Critics Praise TV Coverage of Terror in US, Warn of Rising Jingoism
by Robert Holloway
Agence France Presse
September 18, 2001
NEW YORK - Critics praised US television networks Monday for their initial coverage of last week's attacks on New York and Washington, but said a dangerous note of jingoism had crept in since President George W. Bush declared war on terrorism.
They said unabashed displays of patriotic colors by journalists, and drumbeat reporting of Washington's increasingly militant posturing, posed problems for a trade that professes to be based on neutrality and objectivity.
"The distance between the media and the government is becoming blurred and we have to keep a watch on that," said Caryn James, chief television critic of the New York Times.
James said uninterrupted coverage by all news networks since last Tuesday of the destruction of the World Trade Center and the Pentagon, followed by the search for survivors, was "completely unprecedented".
The only comparable event in US broadcasting history was the four days devoted entirely to the assassination of President John F. Kennedy on November 22, 1963.
"Last week, some channels, like the food channel, simply stopped broadcasting and said turn to your news channel," she said.
"ESPN channel broadcast ABC news instead of sports. That had never happened before. Now it is getting back to normal and we are starting to have soap operas again."
Mark Crispin Miller, professor of media studies at New York University, agreed with James that the first two days were "generally exemplary".
"The television news people were focused primarily on giving us as much information as they could, without ever engaging in or encouraging reckless speculation about the identity of the perpetrators," he said.
Crispin Miller said the media seemed to have learned from its embarrassment after hastily pinning the 1995 Oklahoma City bombing on Arab terrorists when in fact it was the work of a US extremist, Timothy McVeigh, who was executed on June 11.
The Washington Post's chief media reporter, Howard Kurtz, said networks had been cautious, although mistakes were made.
"In the chaos and confusion, most of the major networks managed to trumpet false rumours such as the carbomb at the State Department and the 'miraculous' recovery of five people at the World Trade Center two days later," he recalled.
Even so, James noted, the news anchors did not panic. "The towers had been hit.

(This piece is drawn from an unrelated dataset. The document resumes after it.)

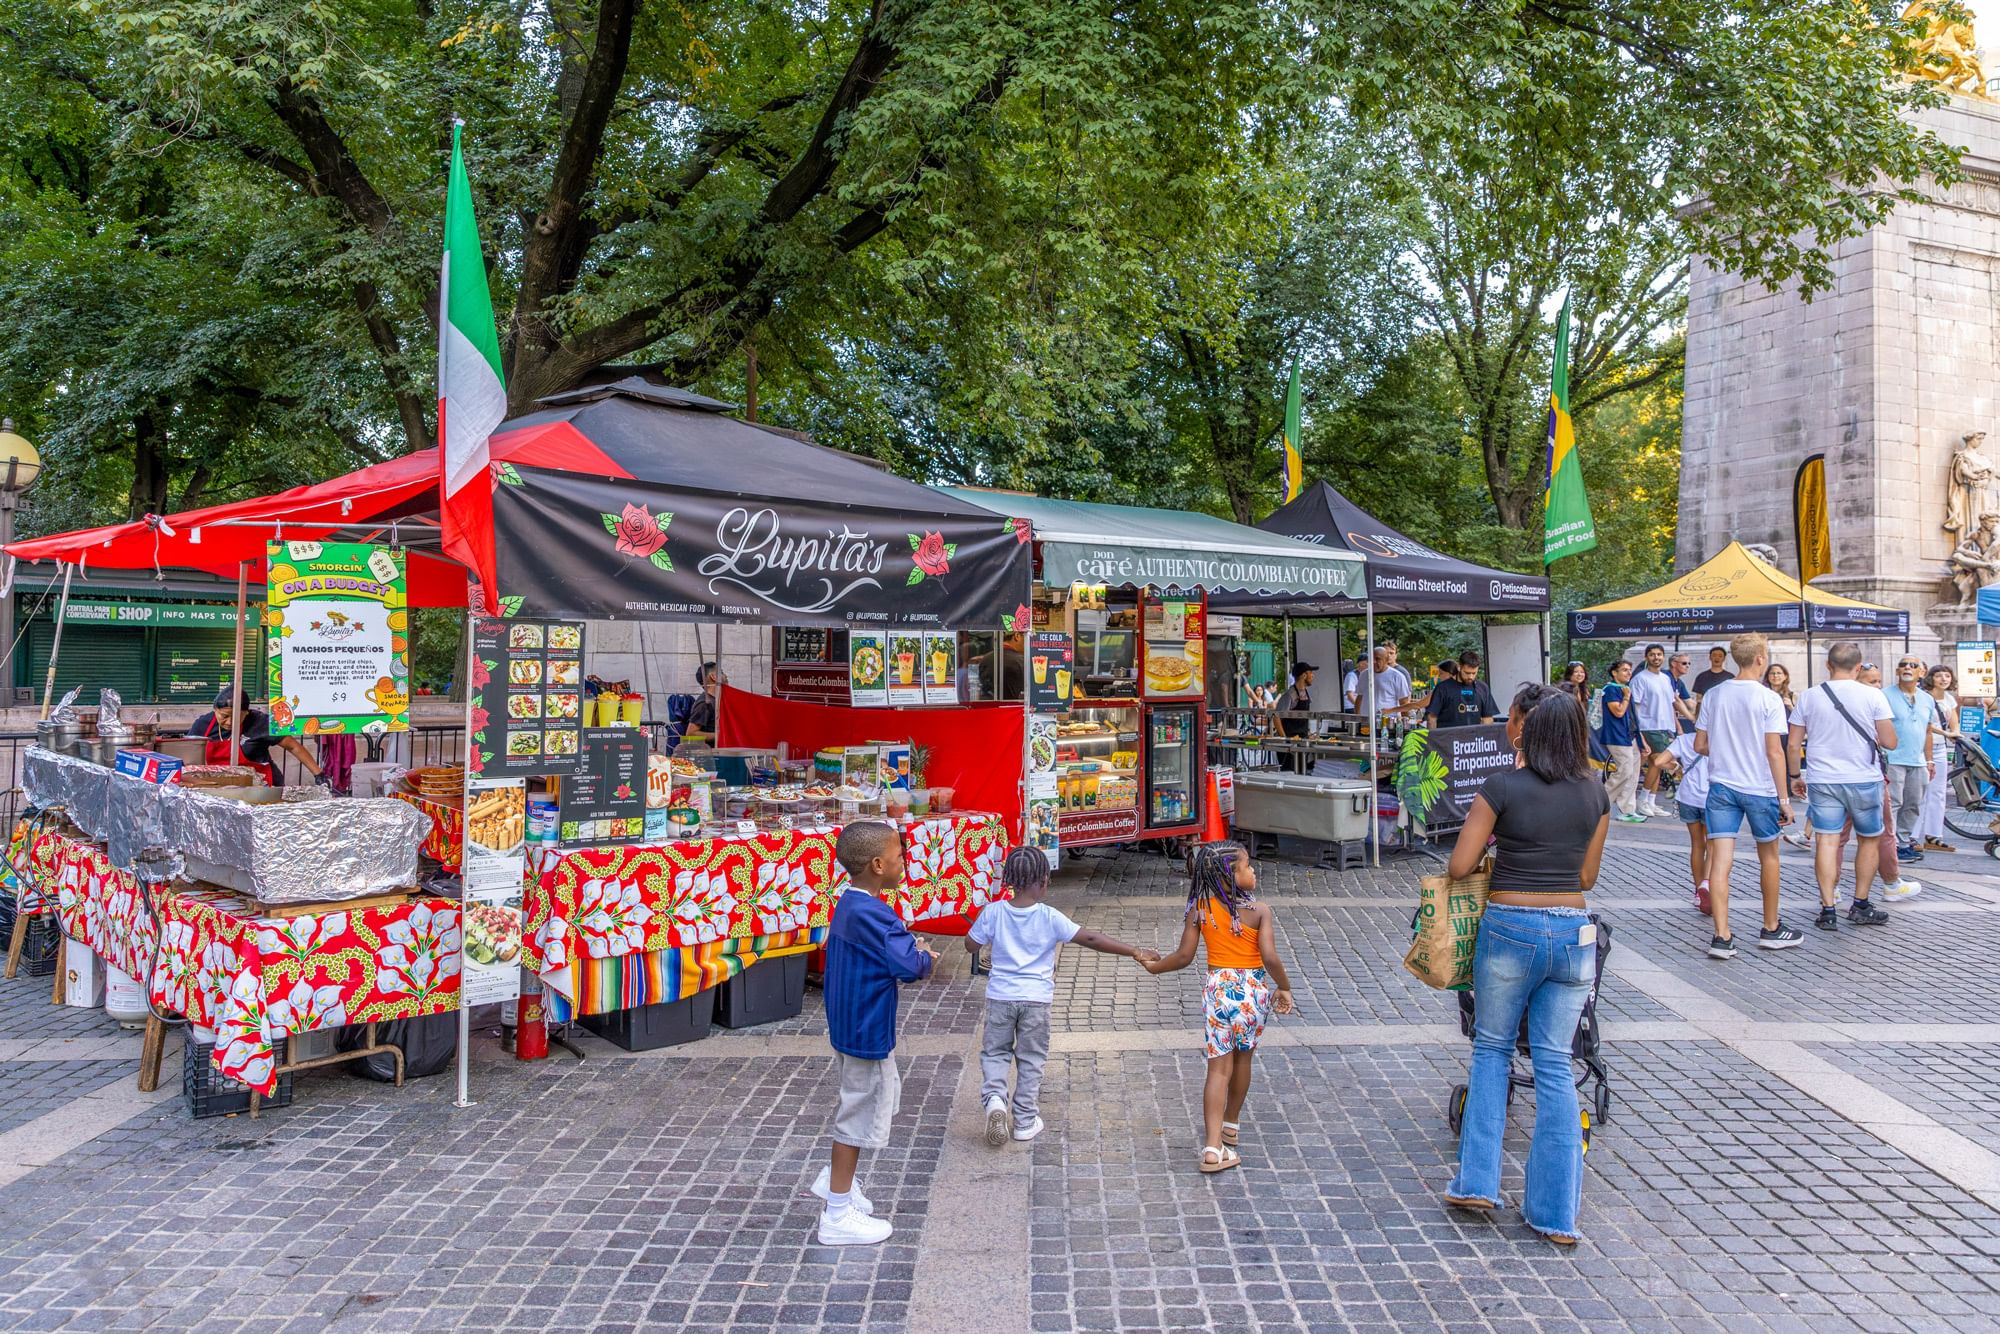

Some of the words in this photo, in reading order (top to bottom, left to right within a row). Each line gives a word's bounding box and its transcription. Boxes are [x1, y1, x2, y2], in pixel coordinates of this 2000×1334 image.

We were seeing them burn, and then the Pentagon was hit and no-one knew where that was going," she said. "It was very reassuring for Americans to know what was going on, horrifying as it was to watch."
James noted that soon after two hijacked airliners hit the towers, the networks agreed to share exclusive footage.
"That set the tone, that this was a national emergency that had to be covered seriously, cautiously," she said.
Kurtz said the networks deserved credit for forgoing an estimated 100 million dollars in advertising revenue when they went over to uninterrupted coverage.
But, he said, "television turned some viewers off by relentlessly replaying footage of planes hitting the World Trade Center or using it as video wallpaper while interviewing people."
Crispin Miller said this was part of television's "tendency to aestheticise the tragedy with slow-motion footage, dramatic music and solemn titles such as 'America Rising,' which turned later coverage into a 24-hour-a-day disaster flick."
More serious, he said, was "the utter failure ever to ask the basic question why did this happen or in any other way to give crucial background."
One piece of film, broadcast repeatedly by some networks, showed Palestinians celebrating the news that the twin towers had been destroyed and the Pentagon military complex set ablaze.
The scene was filmed during the funeral of nine people killed the previous day in an Israeli attack, Crispin Miller said, and "to show it without explaining the background, and to show it over and over again, is to make propaganda for the war machine and is irresponsible."
All three critics said they were disturbed by reporters and news anchors apparently responding positively to Bush's appeal to the patriotism of US citizens.
"To see Tim Russert (NBC anchorman) interviewing the vice-president (Dick Cheney) wearing a red, white and blue ribbon, is totally unprecedented," James said.
"It is important that journalists do not become flag-wavers in this crisis or cheer-leaders for Team USA," Kurtz said.
Crispin Miller said the wave of jingoism "makes Bush's characterization of the war credible to audiences, that this is a struggle between good and evil."
"That is exactly how Osama bin Laden sees the world," he said, referring to the Saudi radical named by Bush as prime suspect in last week's terrorist strikes.